[Exercise brief]
Copy every entry as is. Leave images out.

---

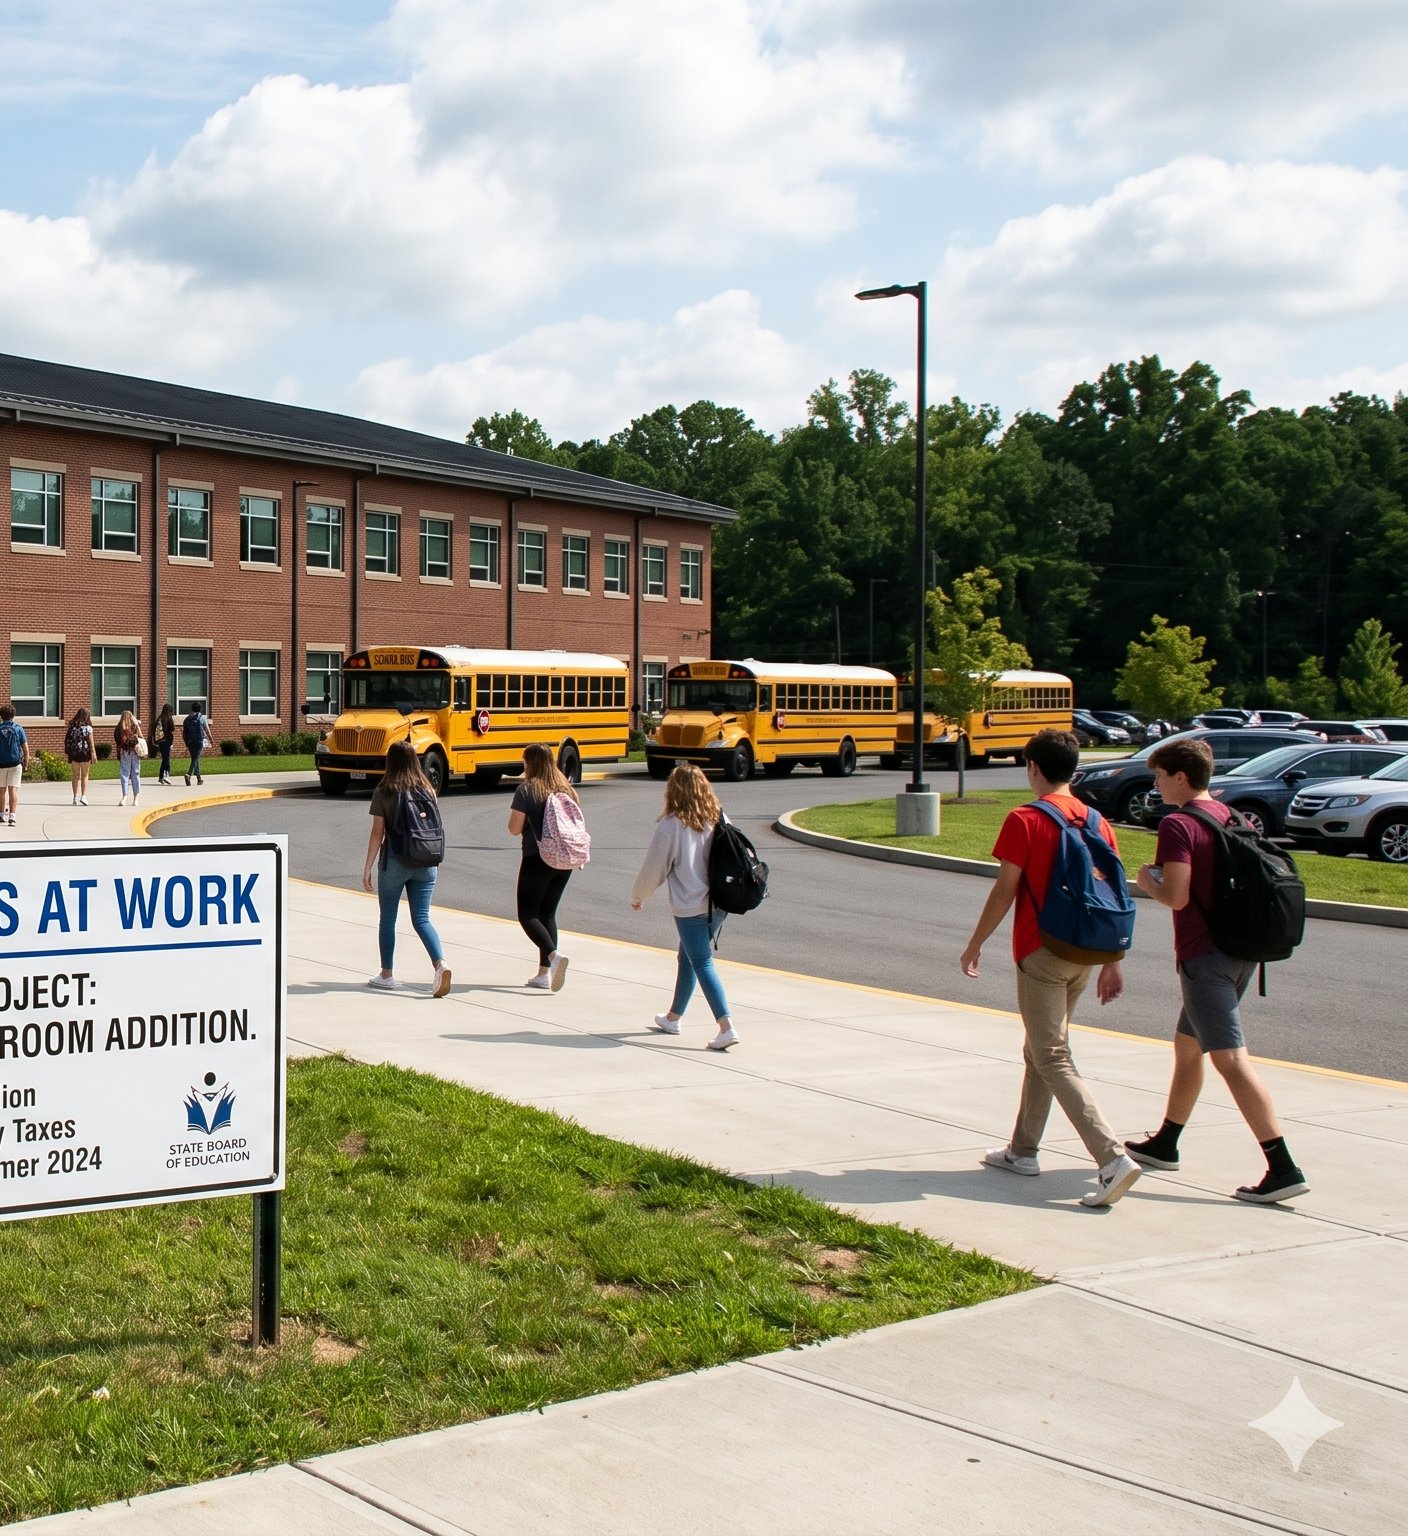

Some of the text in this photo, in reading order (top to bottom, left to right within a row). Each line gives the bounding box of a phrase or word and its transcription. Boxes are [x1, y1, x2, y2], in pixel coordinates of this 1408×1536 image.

[38, 880, 98, 934] AT
[114, 873, 261, 929] WORK
[104, 1008, 258, 1052] ADDITION.
[12, 1119, 76, 1143] Taxes
[169, 1138, 247, 1155] STATE BOARD
[47, 1146, 103, 1175] 2024
[166, 1151, 250, 1169] OF EDUCATION
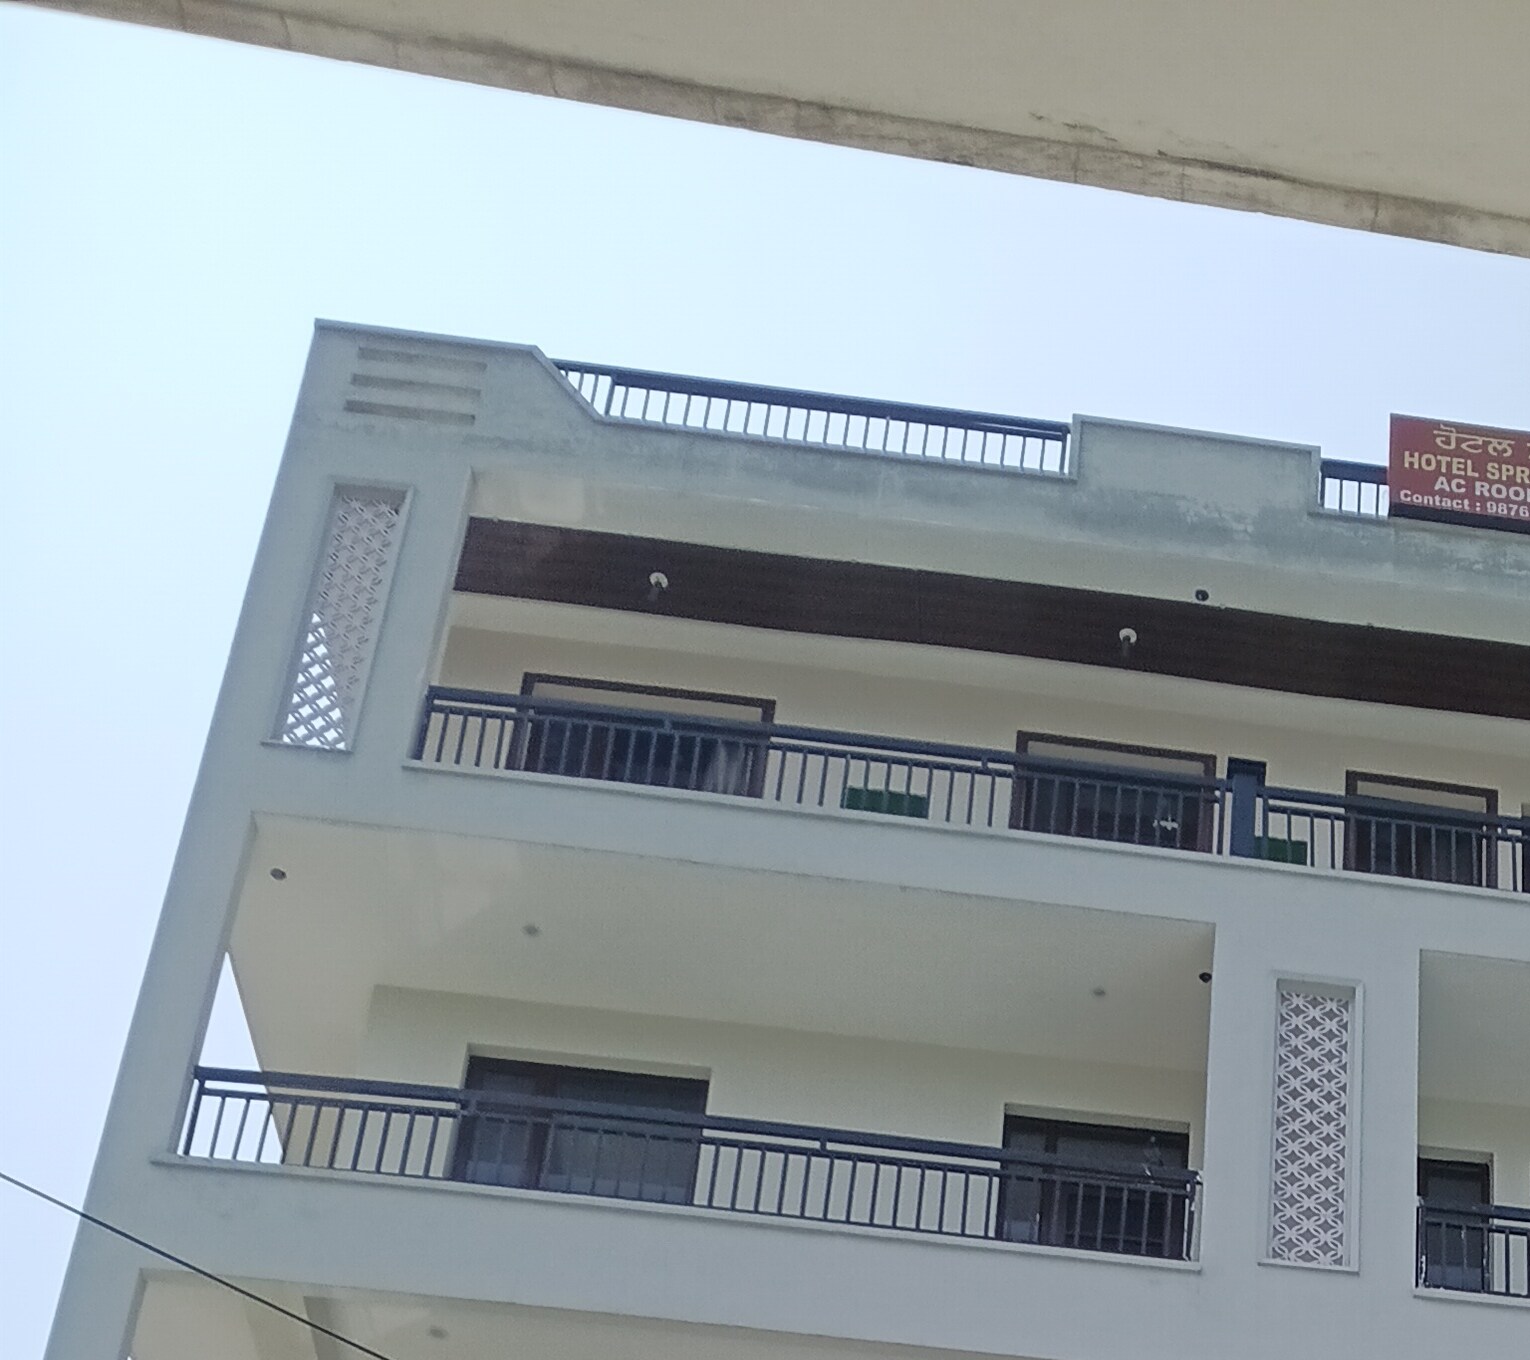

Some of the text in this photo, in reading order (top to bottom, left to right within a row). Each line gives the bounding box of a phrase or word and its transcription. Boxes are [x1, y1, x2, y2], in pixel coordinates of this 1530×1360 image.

[1433, 423, 1515, 457] ਹੋਟਲ
[1404, 451, 1479, 478] HOTEL
[1434, 476, 1466, 493] AC
[1400, 490, 1470, 510] Contact

---

[Solution to this exercise]
Some of the text in this photo, in reading order (top to bottom, left to right within a row). Each line gives the bounding box of a phrase or word and its transcription. Boxes are [x1, y1, x2, y2], in pixel coordinates of this 1408×1536 image.

[38, 880, 98, 934] AT
[114, 873, 261, 929] WORK
[104, 1008, 258, 1052] ADDITION.
[12, 1119, 76, 1143] Taxes
[169, 1138, 247, 1155] STATE BOARD
[47, 1146, 103, 1175] 2024
[166, 1151, 250, 1169] OF EDUCATION

Some of the text in this photo, in reading order (top to bottom, left to right within a row). Each line gives the bounding box of a phrase or word and its transcription. Boxes are [x1, y1, x2, y2], in pixel coordinates of this 1530×1360 image.

[1433, 423, 1515, 457] ਹੋਟਲ
[1404, 451, 1479, 478] HOTEL
[1434, 476, 1466, 493] AC
[1400, 490, 1470, 510] Contact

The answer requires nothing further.